Transcribe the entries that follow, word for word.

── RECORDS TO USE ──

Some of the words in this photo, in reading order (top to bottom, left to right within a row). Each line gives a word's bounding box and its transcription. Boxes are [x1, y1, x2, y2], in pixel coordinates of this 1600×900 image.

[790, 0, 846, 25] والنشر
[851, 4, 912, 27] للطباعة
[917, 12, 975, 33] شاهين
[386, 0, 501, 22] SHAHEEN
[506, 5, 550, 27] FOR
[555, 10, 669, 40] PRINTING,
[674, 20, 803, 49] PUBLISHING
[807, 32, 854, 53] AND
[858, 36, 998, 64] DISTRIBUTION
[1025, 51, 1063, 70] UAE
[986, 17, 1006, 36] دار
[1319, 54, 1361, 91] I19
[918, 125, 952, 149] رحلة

───

_ANSWER FOR THIS EXERCISE_:
Some of the words in this photo, in reading order (top to bottom, left to right within a row). Each line gives a word's bounding box and its transcription. Boxes are [x1, y1, x2, y2], in pixel coordinates of this 1600×900 image.

[790, 0, 846, 25] والنشر
[851, 4, 912, 27] للطباعة
[917, 12, 975, 33] شاهين
[386, 0, 501, 22] SHAHEEN
[506, 5, 550, 27] FOR
[555, 10, 669, 40] PRINTING,
[674, 20, 803, 49] PUBLISHING
[807, 32, 854, 53] AND
[858, 36, 998, 64] DISTRIBUTION
[1025, 51, 1063, 70] UAE
[986, 17, 1006, 36] دار
[1319, 54, 1361, 91] I19
[918, 125, 952, 149] رحلة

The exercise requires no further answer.